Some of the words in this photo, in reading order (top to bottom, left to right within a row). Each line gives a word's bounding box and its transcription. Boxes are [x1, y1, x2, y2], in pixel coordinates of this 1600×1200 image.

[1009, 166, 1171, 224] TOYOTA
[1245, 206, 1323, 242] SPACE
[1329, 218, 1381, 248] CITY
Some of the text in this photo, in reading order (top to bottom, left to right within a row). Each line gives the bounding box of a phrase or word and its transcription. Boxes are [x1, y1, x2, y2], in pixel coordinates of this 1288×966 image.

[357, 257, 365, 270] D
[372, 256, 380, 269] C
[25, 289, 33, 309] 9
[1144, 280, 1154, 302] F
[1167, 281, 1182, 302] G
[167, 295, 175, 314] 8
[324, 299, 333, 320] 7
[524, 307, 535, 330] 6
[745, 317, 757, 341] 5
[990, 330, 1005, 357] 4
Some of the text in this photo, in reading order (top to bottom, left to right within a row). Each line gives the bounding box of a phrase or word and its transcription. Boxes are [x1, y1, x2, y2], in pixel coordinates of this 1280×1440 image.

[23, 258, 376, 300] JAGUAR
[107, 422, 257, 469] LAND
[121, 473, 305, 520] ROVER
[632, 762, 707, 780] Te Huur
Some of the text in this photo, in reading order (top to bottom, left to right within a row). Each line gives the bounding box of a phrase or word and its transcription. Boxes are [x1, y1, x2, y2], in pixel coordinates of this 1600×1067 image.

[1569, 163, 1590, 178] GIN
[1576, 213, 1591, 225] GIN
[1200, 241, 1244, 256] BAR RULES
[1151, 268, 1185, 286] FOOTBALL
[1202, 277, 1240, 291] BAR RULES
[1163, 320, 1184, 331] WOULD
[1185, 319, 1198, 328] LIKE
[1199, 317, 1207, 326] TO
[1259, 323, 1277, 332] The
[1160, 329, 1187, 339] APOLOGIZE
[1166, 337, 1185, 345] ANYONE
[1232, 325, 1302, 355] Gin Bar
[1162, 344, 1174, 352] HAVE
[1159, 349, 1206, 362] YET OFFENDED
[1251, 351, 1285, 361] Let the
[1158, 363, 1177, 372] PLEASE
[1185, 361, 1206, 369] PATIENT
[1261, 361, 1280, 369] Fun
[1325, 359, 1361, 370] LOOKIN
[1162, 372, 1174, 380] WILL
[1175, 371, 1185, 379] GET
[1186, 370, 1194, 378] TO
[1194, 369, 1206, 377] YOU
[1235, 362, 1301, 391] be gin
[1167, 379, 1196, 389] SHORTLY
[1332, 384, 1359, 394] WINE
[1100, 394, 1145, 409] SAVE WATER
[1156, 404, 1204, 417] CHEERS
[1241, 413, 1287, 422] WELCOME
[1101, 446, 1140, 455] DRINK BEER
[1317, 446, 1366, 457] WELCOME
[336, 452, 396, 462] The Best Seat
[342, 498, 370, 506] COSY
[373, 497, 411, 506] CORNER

---+---

Goal of the exercise: Transcribe the material above in full, keeping each word unchanged.

Result:
Some of the words in this photo, in reading order (top to bottom, left to right within a row). Each line gives a word's bounding box and its transcription. Boxes are [x1, y1, x2, y2], in pixel coordinates of this 1600×1200 image.

[1009, 166, 1171, 224] TOYOTA
[1245, 206, 1323, 242] SPACE
[1329, 218, 1381, 248] CITY
Some of the text in this photo, in reading order (top to bottom, left to right within a row). Each line gives the bounding box of a phrase or word and its transcription. Boxes are [x1, y1, x2, y2], in pixel coordinates of this 1288×966 image.

[357, 257, 365, 270] D
[372, 256, 380, 269] C
[25, 289, 33, 309] 9
[1144, 280, 1154, 302] F
[1167, 281, 1182, 302] G
[167, 295, 175, 314] 8
[324, 299, 333, 320] 7
[524, 307, 535, 330] 6
[745, 317, 757, 341] 5
[990, 330, 1005, 357] 4
Some of the text in this photo, in reading order (top to bottom, left to right within a row). Each line gives the bounding box of a phrase or word and its transcription. Boxes are [x1, y1, x2, y2], in pixel coordinates of this 1280×1440 image.

[23, 258, 376, 300] JAGUAR
[107, 422, 257, 469] LAND
[121, 473, 305, 520] ROVER
[632, 762, 707, 780] Te Huur
Some of the text in this photo, in reading order (top to bottom, left to right within a row). Each line gives the bounding box of a phrase or word and its transcription. Boxes are [x1, y1, x2, y2], in pixel coordinates of this 1600×1067 image.

[1569, 163, 1590, 178] GIN
[1576, 213, 1591, 225] GIN
[1200, 241, 1244, 256] BAR RULES
[1151, 268, 1185, 286] FOOTBALL
[1202, 277, 1240, 291] BAR RULES
[1163, 320, 1184, 331] WOULD
[1185, 319, 1198, 328] LIKE
[1199, 317, 1207, 326] TO
[1259, 323, 1277, 332] The
[1160, 329, 1187, 339] APOLOGIZE
[1166, 337, 1185, 345] ANYONE
[1232, 325, 1302, 355] Gin Bar
[1162, 344, 1174, 352] HAVE
[1159, 349, 1206, 362] YET OFFENDED
[1251, 351, 1285, 361] Let the
[1158, 363, 1177, 372] PLEASE
[1185, 361, 1206, 369] PATIENT
[1261, 361, 1280, 369] Fun
[1325, 359, 1361, 370] LOOKIN
[1162, 372, 1174, 380] WILL
[1175, 371, 1185, 379] GET
[1186, 370, 1194, 378] TO
[1194, 369, 1206, 377] YOU
[1235, 362, 1301, 391] be gin
[1167, 379, 1196, 389] SHORTLY
[1332, 384, 1359, 394] WINE
[1100, 394, 1145, 409] SAVE WATER
[1156, 404, 1204, 417] CHEERS
[1241, 413, 1287, 422] WELCOME
[1101, 446, 1140, 455] DRINK BEER
[1317, 446, 1366, 457] WELCOME
[336, 452, 396, 462] The Best Seat
[342, 498, 370, 506] COSY
[373, 497, 411, 506] CORNER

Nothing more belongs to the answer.